Graft | Number of studies | Number of grafts | Pooled patency rate (95% CI) | Pooled angiographic follow-up (years) |
---|---|---|---|---|
RA | 11 | 1223 | 94.1 (90.0 - 97.6) | 5.46 |
NT-SV | 8 | 2647 | 91.4 (87.3 - 94.3) | 1.85 |
RITA | 5 | 549 | 89.2 (71.2 - 96.5) | 6.98 |
CON-SV | 15 | 3732 | 86.3 (81.2 - 90.2) | 2.85 |
GEA | 2 | 121 | 61.2 (52.2 - 69.4) | 2.89 |
CI=confidence interval; CON-SV=conventionally harvested saphenous vein; GEA=gastroepiploic artery; NT-SV=no-touch saphenous vein; RA=radial artery; RITA=right internal thoracic artery
With CON-SV as reference, only RA (incidence rate ratio [IRR] 0.56; 95% CI 0.43-0.74) and NT-SV (IRR 0.56; 95% CI 0.44-0.70) were associated with significantly lower rate of graft occlusion, whereas RITA (IRR 1.06; 95% CI 0.73-1.54) and GEA (IRR 0.98; 95% CI 0.64-1.52) were not (Table 3, Figure 1, Figure 2A). The width of the CI supports a clinically meaningful benefit of RA and NT-SV in comparison to CON-SV. NT-SV was ranked as the best conduit with a rank score of 0.88 vs. 0.87 for RA, 0.29 for GEA, 0.27 for CON-SV, and 0.20 for RITA. These results were confirmed in the individual pairwise meta-analyses (Figure S2 and Table S6A).
Graft occlusion | ||||
---|---|---|---|---|
CON-SV | ||||
1.79 (1.42 - 2.25) | NT-SV | |||
1.77 (1.34 - 2.34) | 0.99 (0.71 - 1.39) | RA | ||
0.95 (0.65 - 1.38) | 0.53 (0.34 - 0.82) | 0.53 (0.36 - 0.80) | RITA | |
1.02 (0.66 - 1.57) | 0.57 (0.35 - 0.93) | 0.57 (0.35 - 0.93) | 1.07 (0.66 - 1.73) | GEA |
CON-SV=conventionally harvested saphenous vein; GEA=gastroepiploic artery; NT-SV=no-touch saphenous vein; RA=radial artery; RITA=right internal thoracic artery
The results of the sensitivity analysis for target vessel stenosis ≥ 70% showed superiority of RA (IRR, 0.49; 95% CI, 0.30-0.82) to CON-SV, but no significant difference between NT-SV (IRR, 0.58; 95% CI, 0.25-1.31) and CON-SV (Figure S3).

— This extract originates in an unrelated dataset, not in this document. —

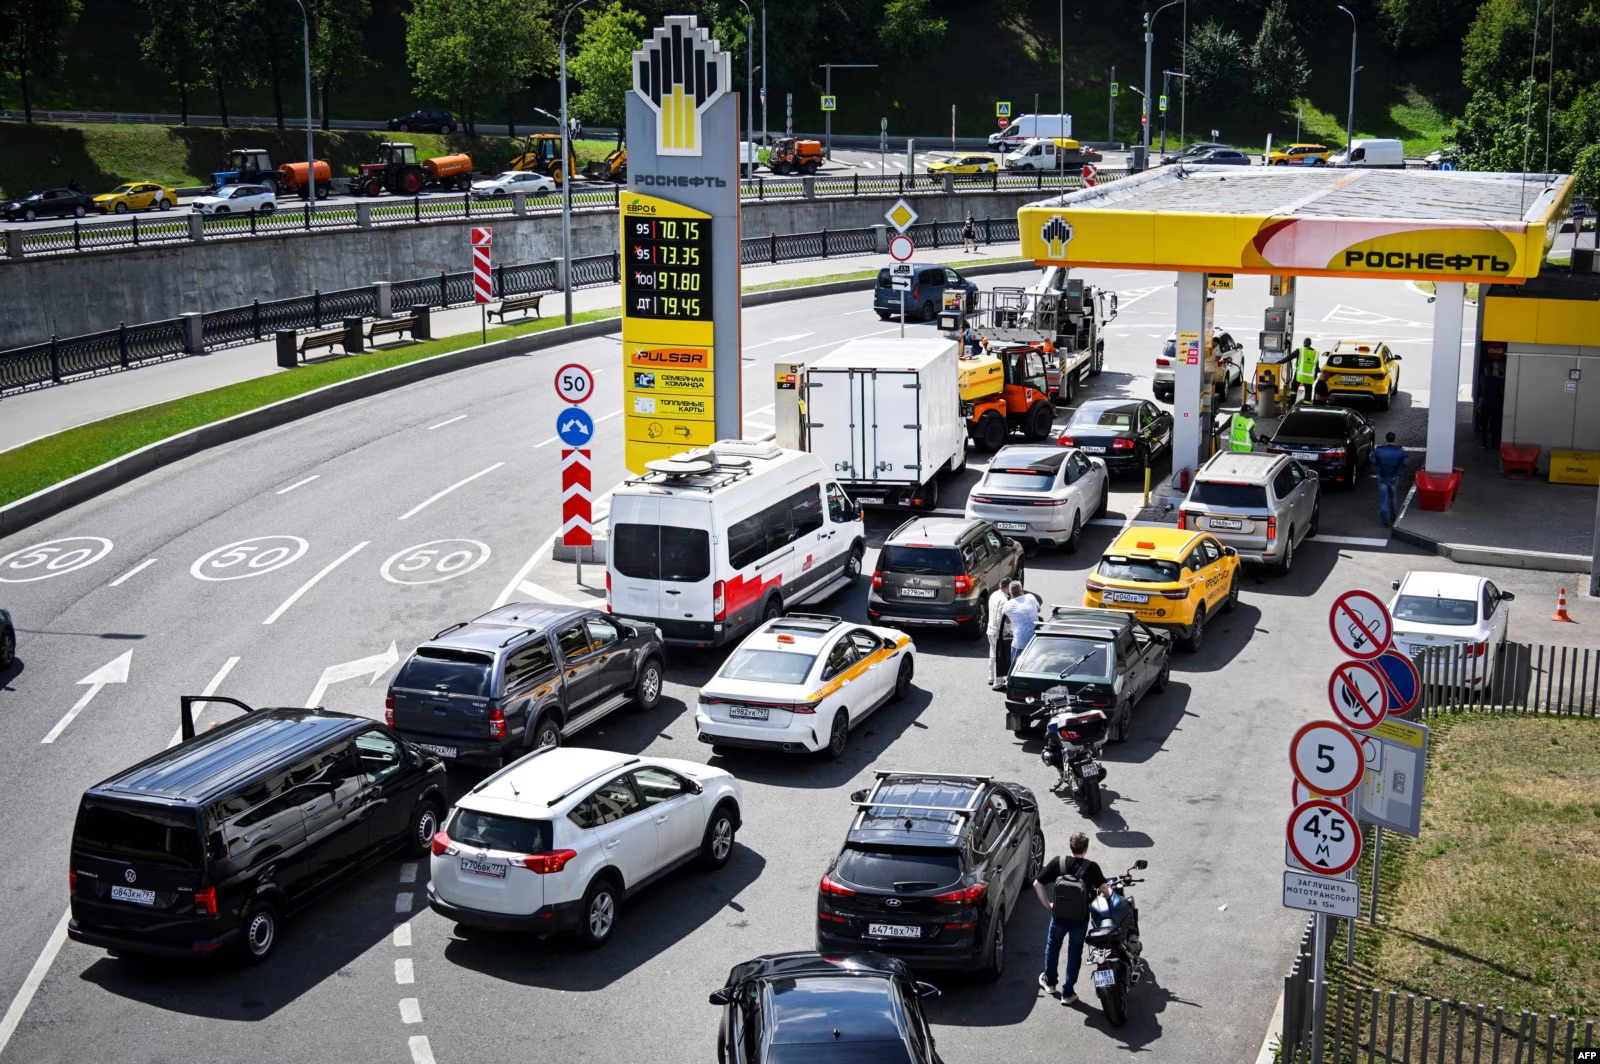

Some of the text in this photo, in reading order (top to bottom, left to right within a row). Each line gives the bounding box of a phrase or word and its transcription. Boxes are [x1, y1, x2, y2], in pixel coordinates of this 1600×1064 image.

Studies using CTA for graft assessment were consistent with the primary analysis (Figure S4).
Late mortality was comparable between conduits at a weighted mean follow-up time of 3.5 years (Figures 2B and 3, Tables 4 and S6B). The network RA vs. GEA comparison appeared to favor RA, with limited data - although only one study directly compared the two conduits[20].
Late mortality | ||||
---|---|---|---|---|
CON-SV | ||||
1.01 (0.63 - 1.63) | NT-SV | |||
1.31 (0.91 - 1.90) | 1.30 (0.71 - 2.38) | RA | ||
0.84 (0.53 - 1.33) | 0.83 (0.42 - 1.61) | 0.64 (0.41 - 1.00) | RITA | |
0.26 (0.06 - 1.25) | 0.26 (0.05 - 1.33) | 0.20 (0.04 - 0.91) | 0.31 (0.06 - 1.53) | GEA |
CON-SV=conventionally harvested saphenous vein; GEA=gastroepiploic artery; NT-SV=no-touch saphenous vein; RA=radial artery; and RITA=right internal thoracic artery
A. | |||||
---|---|---|---|---|---|
Outcomes | Studies | IRR (95% CI) | I2 | Heterogeneity P-value | Overall effect P-value |
Graft occlusion | |||||
RA vs. CON-SV | 7 | 0.45 (0.26 - 0.80) | 0.46 | 0.08 | 0.01 |
NT-SV vs. CON-SV | 6 | 0.57 (0.46 - 0.72) | 0.0 | 0.96 | < 0.0001 |
RITA vs. CON-SV | 4 | 0.97 (0.58 - 1.60) | 0.14 | 0.32 | 0.91 |
RA vs. RITA | 3 | 0.53 (0.28 - 0.99) | 0.0 | 0.87 | 47 |
NT-SV vs. RA | 2 | 0.83 (0.43 - 1.63) | 0.57 | 0.13 | 0.88 |
B. | |||||
Outcomes | Studies | IRR (95% CI) | I2 | Heterogeneity P-value | Overall effect P-value |
Late mortality | |||||
RA vs. CON-SV | 6 | 0.81 (0.54 - 1.22) | 0.00 | 1.00 | 0.32 |
NT-SV vs. CON-SV | 4 | 0.99 (0.61 - 1.60) | 0.00 | 0.46 | 0.96 |
RITA vs. CON-SV | 3 | 1.04 (0.56 - 1.92) | 0.00 | 1.00 | 0.90 |
RA vs. RITA | 3 | 0.57 (0.32 - 1.00) | 0.00 | 0.92 | 0.05 |
CI=confidence interval; CON-SV=conventionally harvested saphenous vein; IRR=incidence rate ratio; NT-SV=no-touch saphenous vein; RA=radial artery; RITA=right internal thoracic artery
Heterogeneity/inconsistency estimates and net split are shown in Tables S7 and S8, and in the net heat plot shown in Figure S5. Overall heterogeneity was low (I2 < 5%) for graft patency and late mortality (Table S8). Risk of bias was low for most of the trials (Table 5).
Graft occlusion | |
Late mortality |
All P-values were insignificant reflecting no significant disagreement (no inconsistency) between the direct and indirect estimate in our included outcomes.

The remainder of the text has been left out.